Records from a data source:
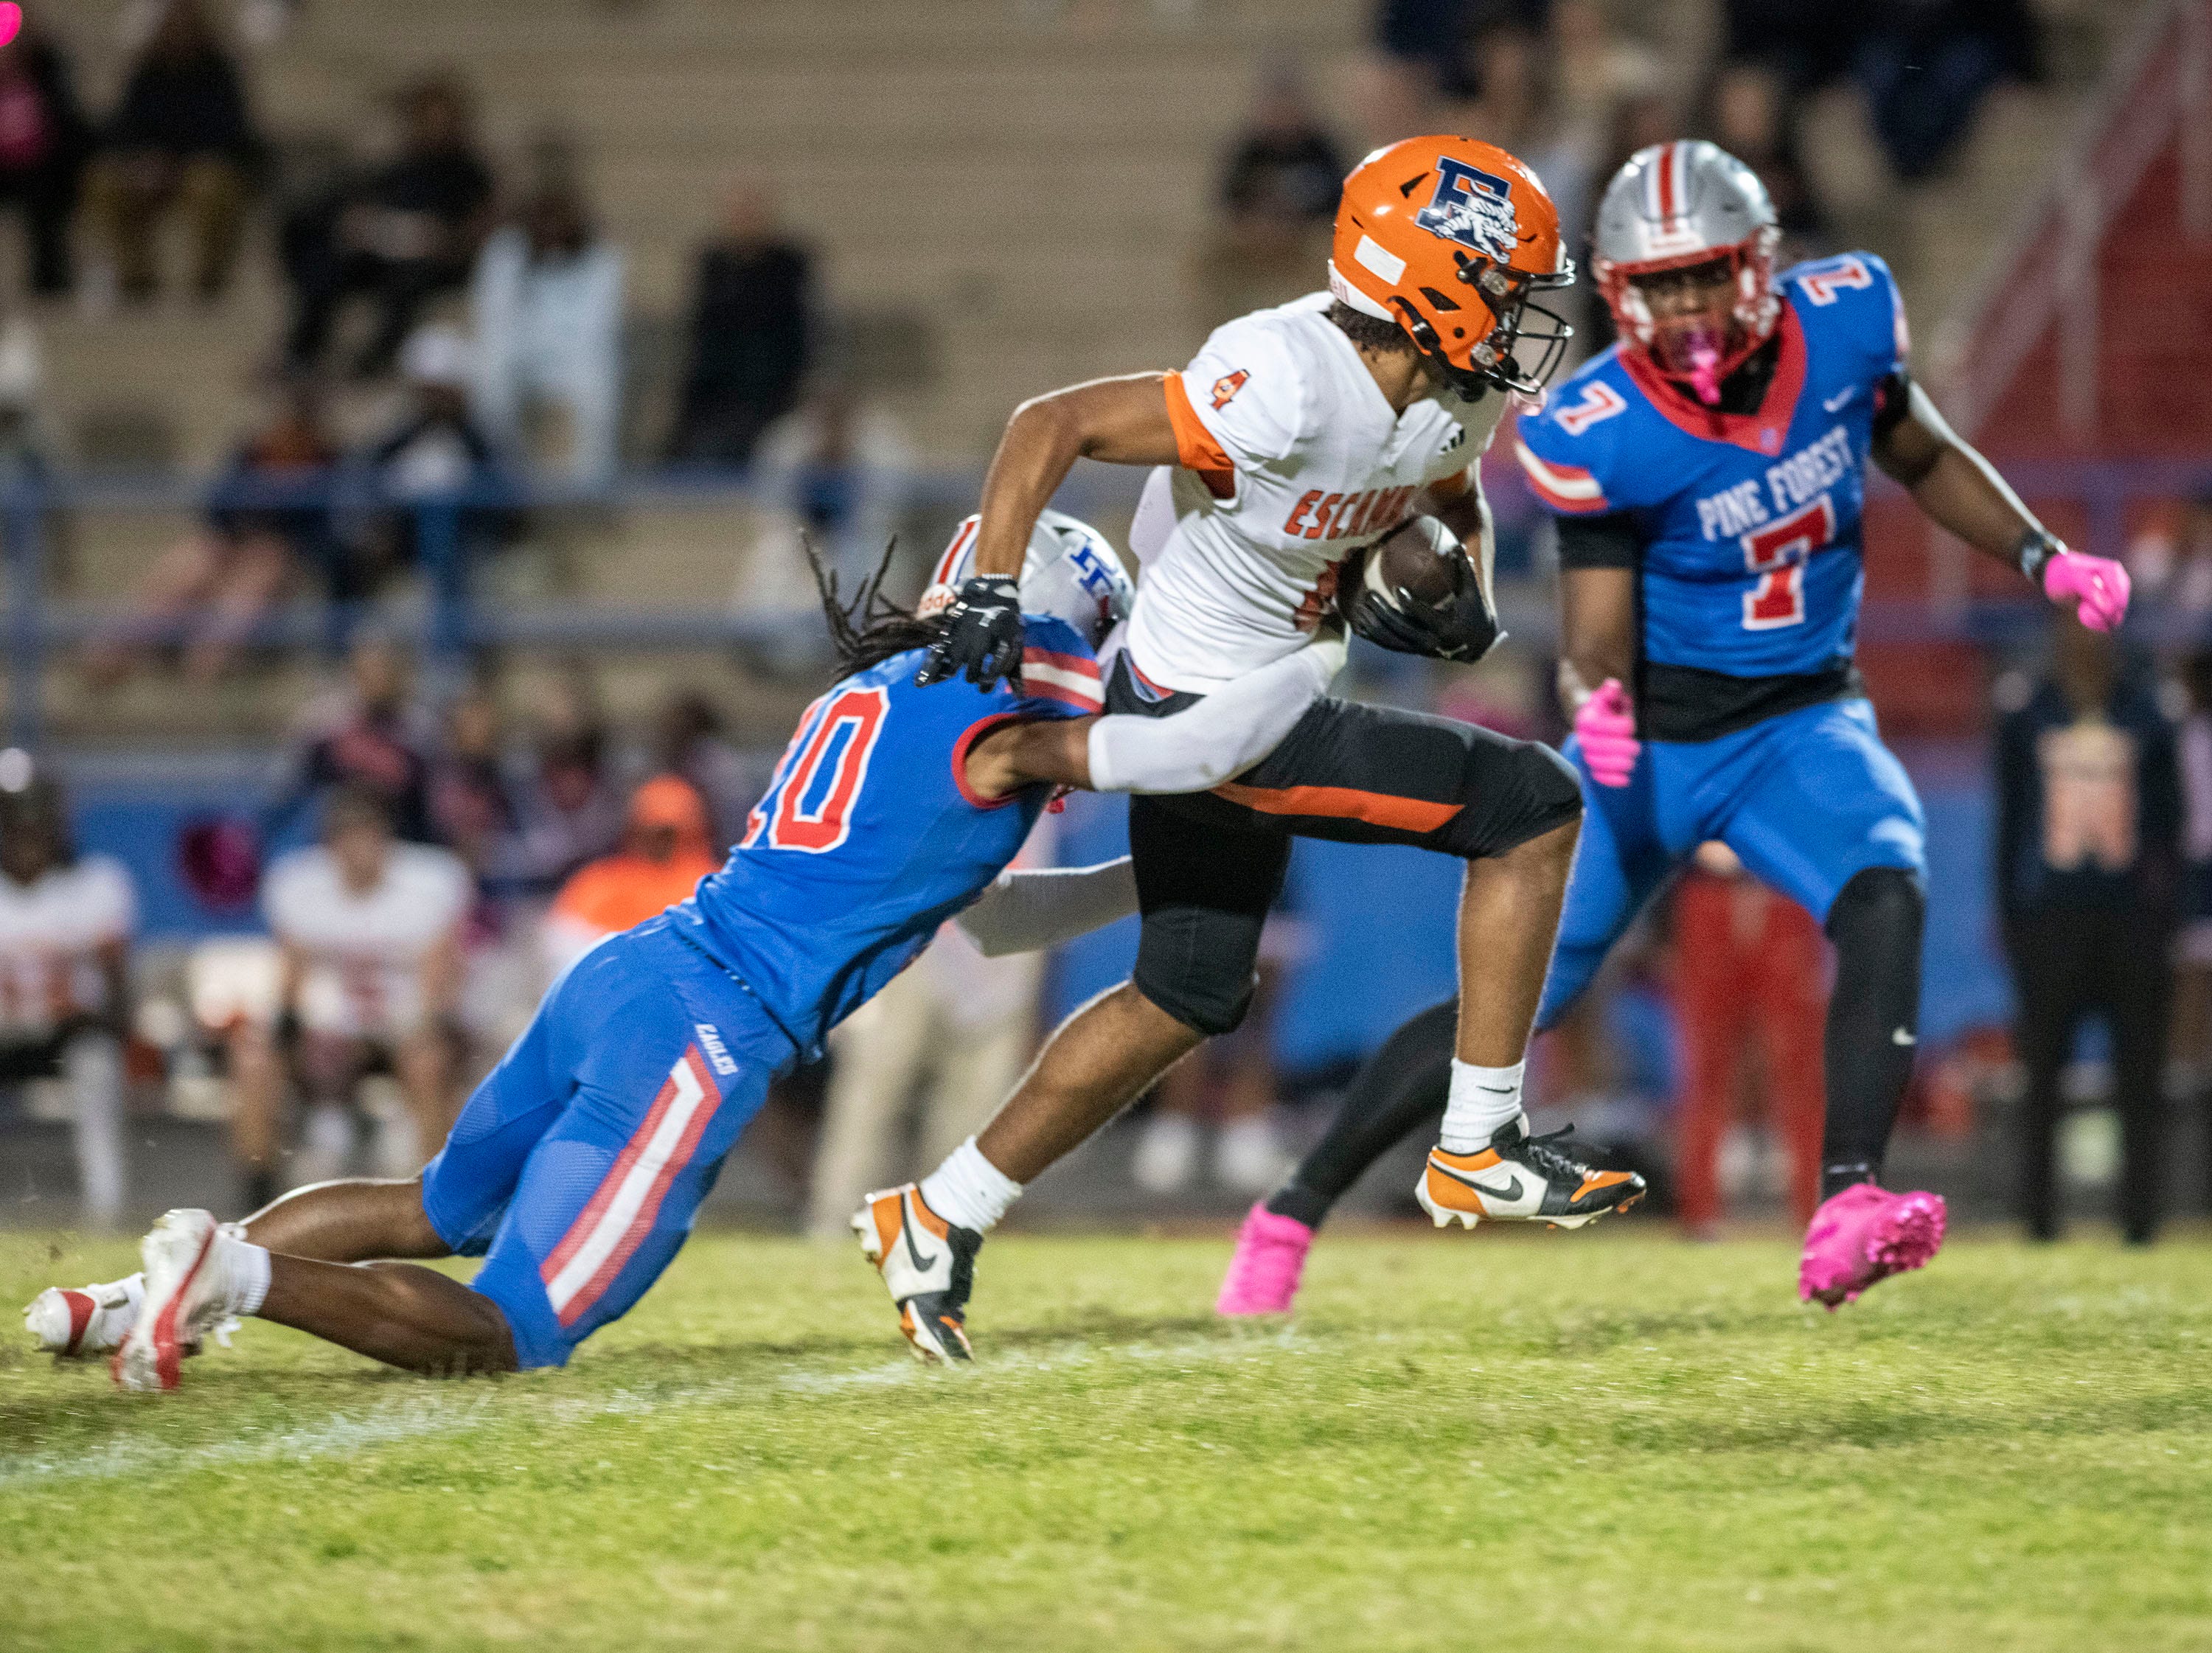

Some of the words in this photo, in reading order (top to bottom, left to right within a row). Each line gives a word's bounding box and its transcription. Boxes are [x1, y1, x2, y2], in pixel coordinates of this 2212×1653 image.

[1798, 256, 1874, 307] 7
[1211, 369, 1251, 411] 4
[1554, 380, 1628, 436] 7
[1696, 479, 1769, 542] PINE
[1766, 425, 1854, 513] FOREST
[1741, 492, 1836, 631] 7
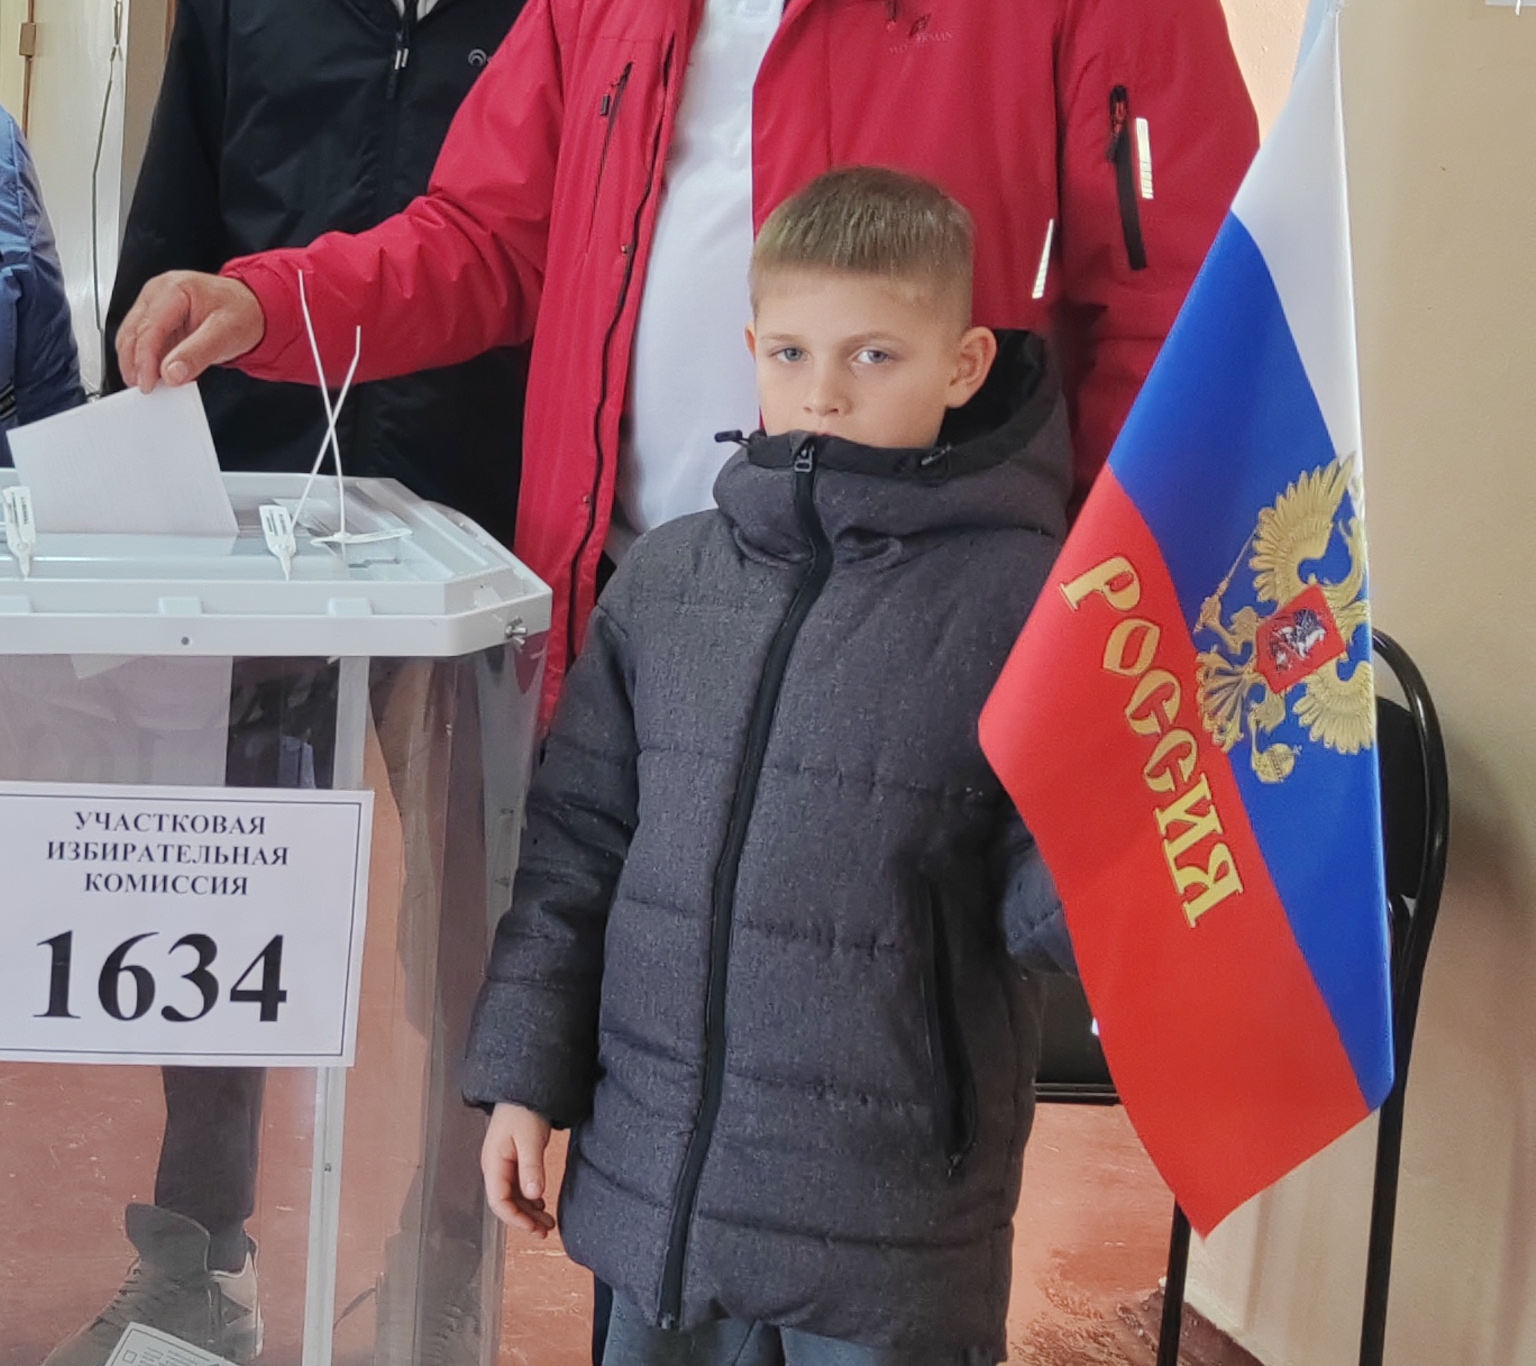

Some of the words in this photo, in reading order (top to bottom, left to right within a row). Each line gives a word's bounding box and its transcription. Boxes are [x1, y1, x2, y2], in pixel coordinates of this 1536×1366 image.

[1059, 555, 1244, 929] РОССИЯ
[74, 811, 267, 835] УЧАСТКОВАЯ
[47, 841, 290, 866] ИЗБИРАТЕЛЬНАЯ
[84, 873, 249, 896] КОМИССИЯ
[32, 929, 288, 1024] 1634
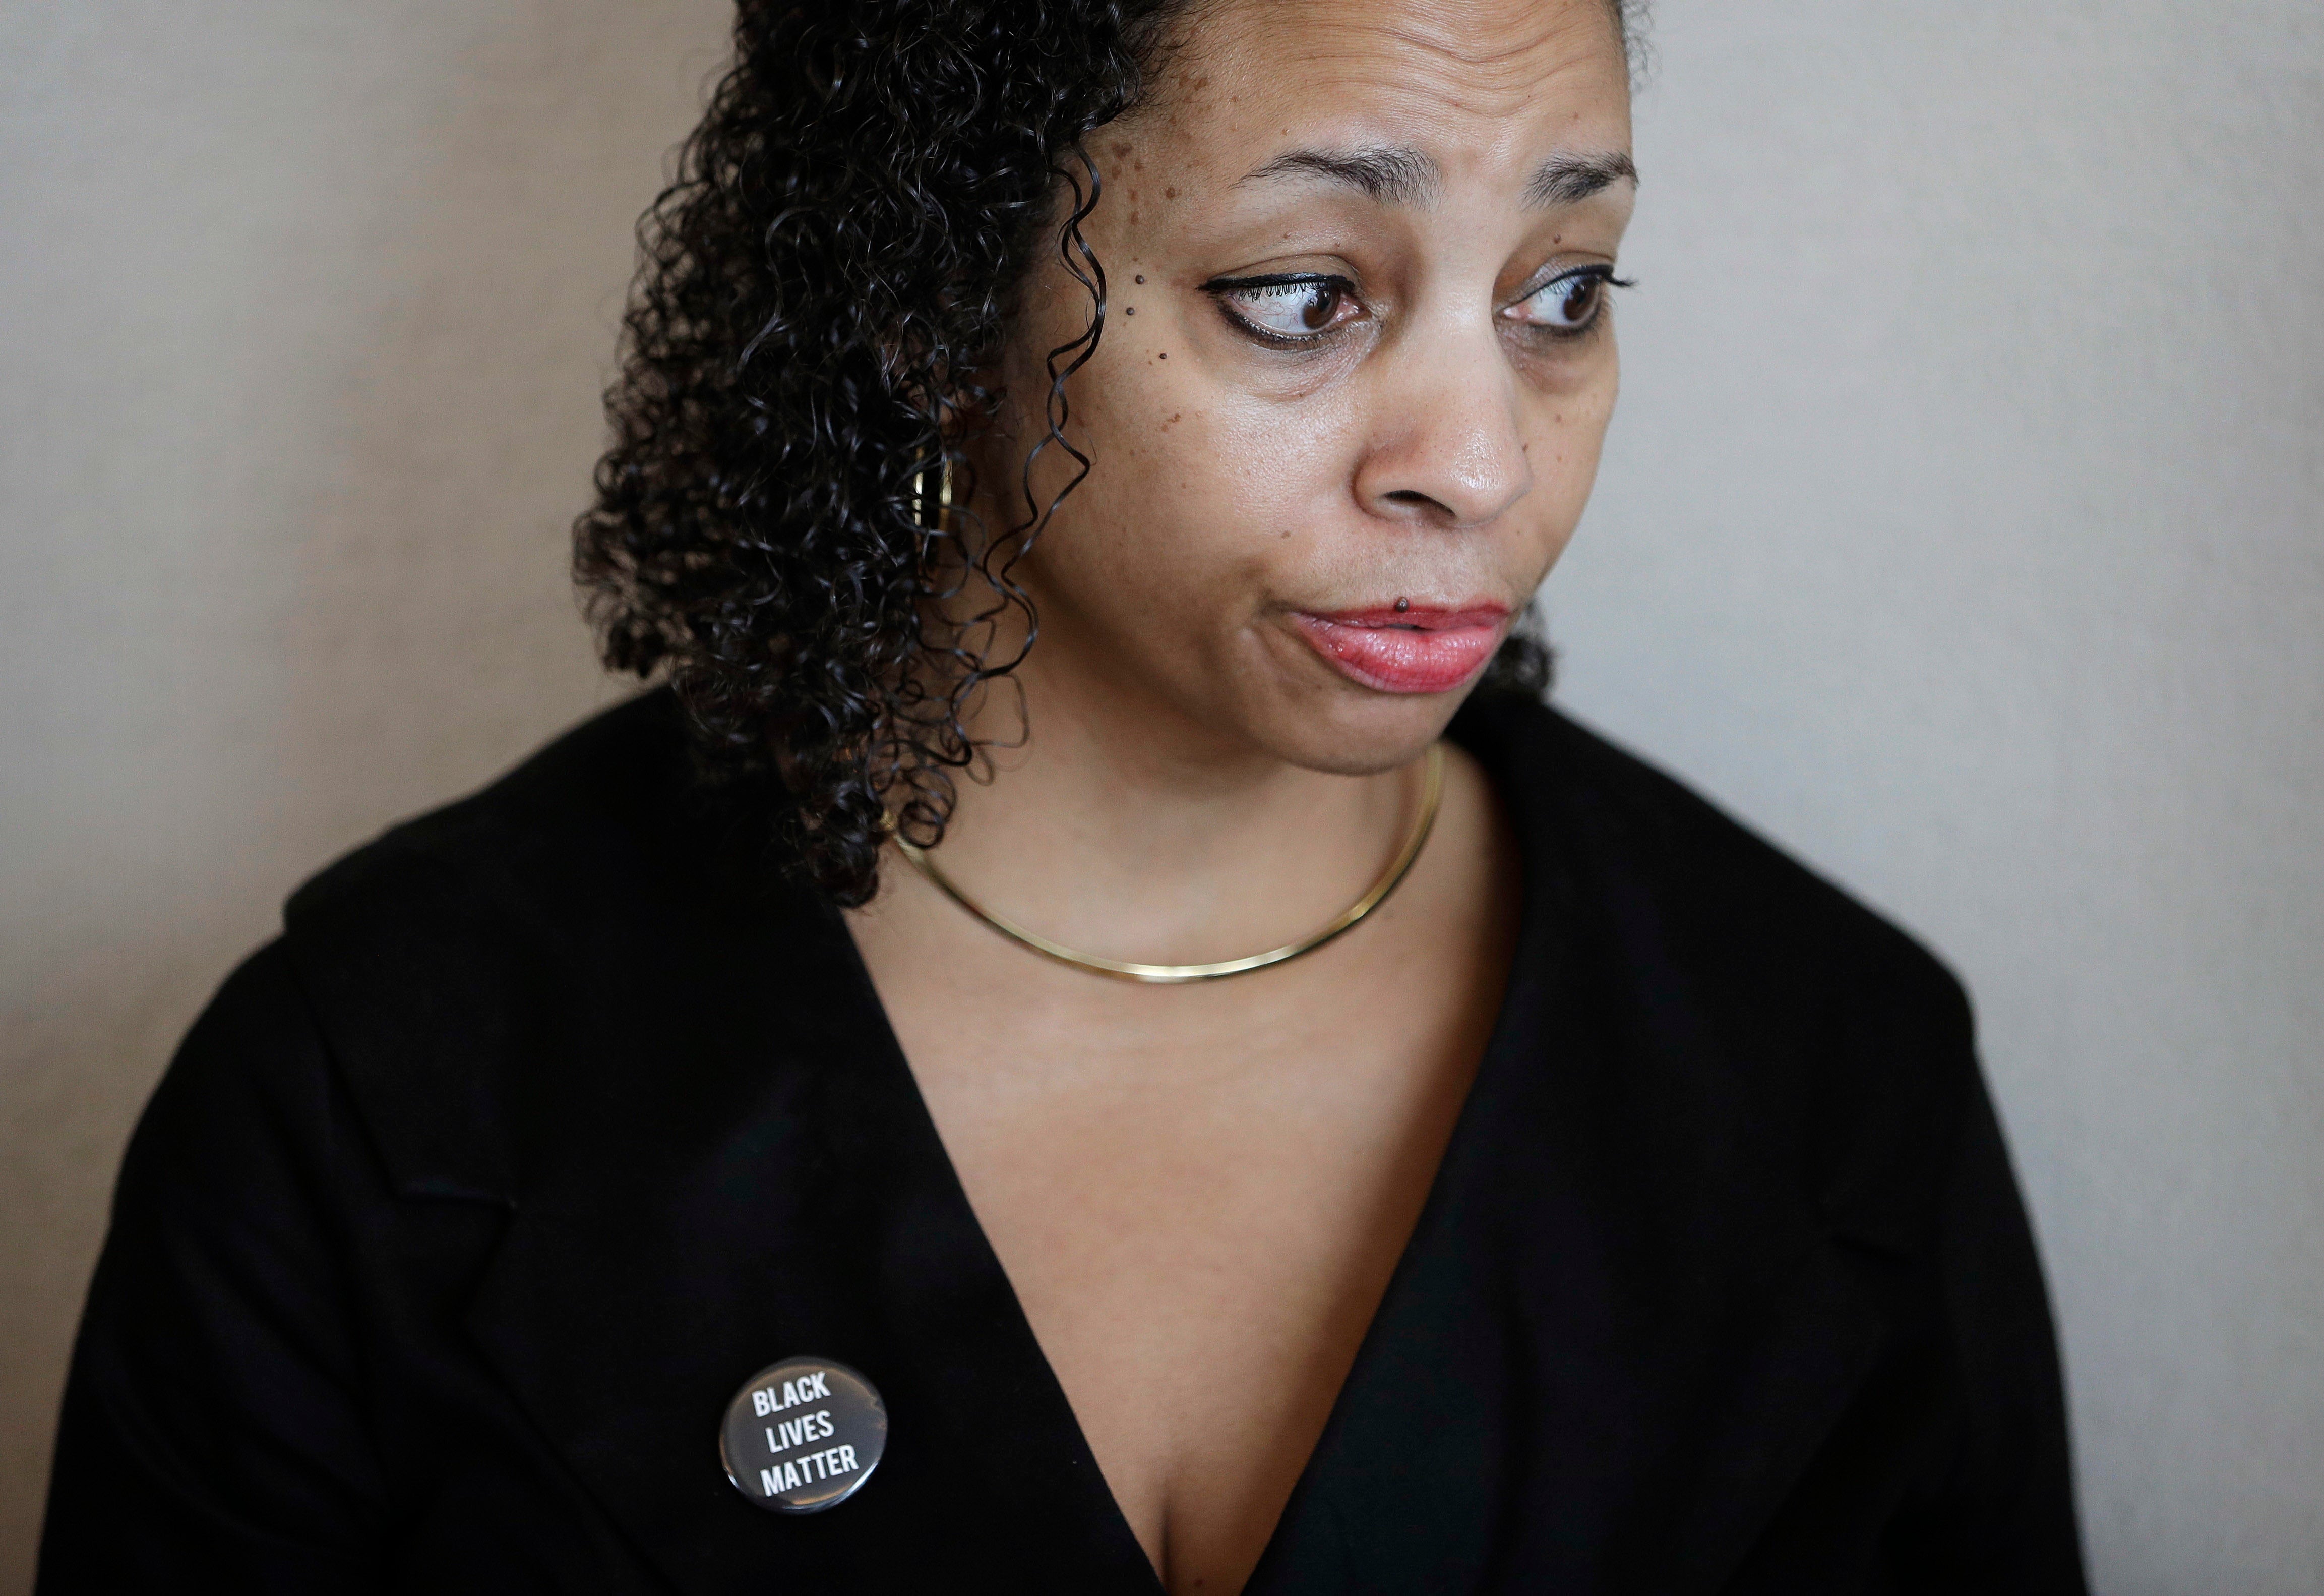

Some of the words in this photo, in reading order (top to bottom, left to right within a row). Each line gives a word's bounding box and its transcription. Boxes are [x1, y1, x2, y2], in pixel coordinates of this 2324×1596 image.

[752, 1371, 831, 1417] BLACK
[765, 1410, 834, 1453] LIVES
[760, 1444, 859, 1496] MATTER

Prompt
Output all the records, word for word, with no pictures in the copy.

Reply
Some of the words in this photo, in reading order (top to bottom, left to right within a row). Each line gives a word's bounding box and its transcription. Boxes are [x1, y1, x2, y2], in pixel coordinates of this 2212×1653 image.

[1798, 256, 1874, 307] 7
[1211, 369, 1251, 411] 4
[1554, 380, 1628, 436] 7
[1696, 479, 1769, 542] PINE
[1766, 425, 1854, 513] FOREST
[1741, 492, 1836, 631] 7

Some of the words in this photo, in reading order (top to bottom, left to right within a row). Each line gives a word's bounding box and its transcription. Boxes are [x1, y1, x2, y2], in pixel coordinates of this 1536×1366 image.

[1059, 555, 1244, 929] РОССИЯ
[74, 811, 267, 835] УЧАСТКОВАЯ
[47, 841, 290, 866] ИЗБИРАТЕЛЬНАЯ
[84, 873, 249, 896] КОМИССИЯ
[32, 929, 288, 1024] 1634

Some of the words in this photo, in reading order (top to bottom, left to right within a row). Each line gives a word's bounding box and its transcription. Boxes are [x1, y1, x2, y2], in pixel coordinates of this 2324×1596 image.

[752, 1371, 831, 1417] BLACK
[765, 1410, 834, 1453] LIVES
[760, 1444, 859, 1496] MATTER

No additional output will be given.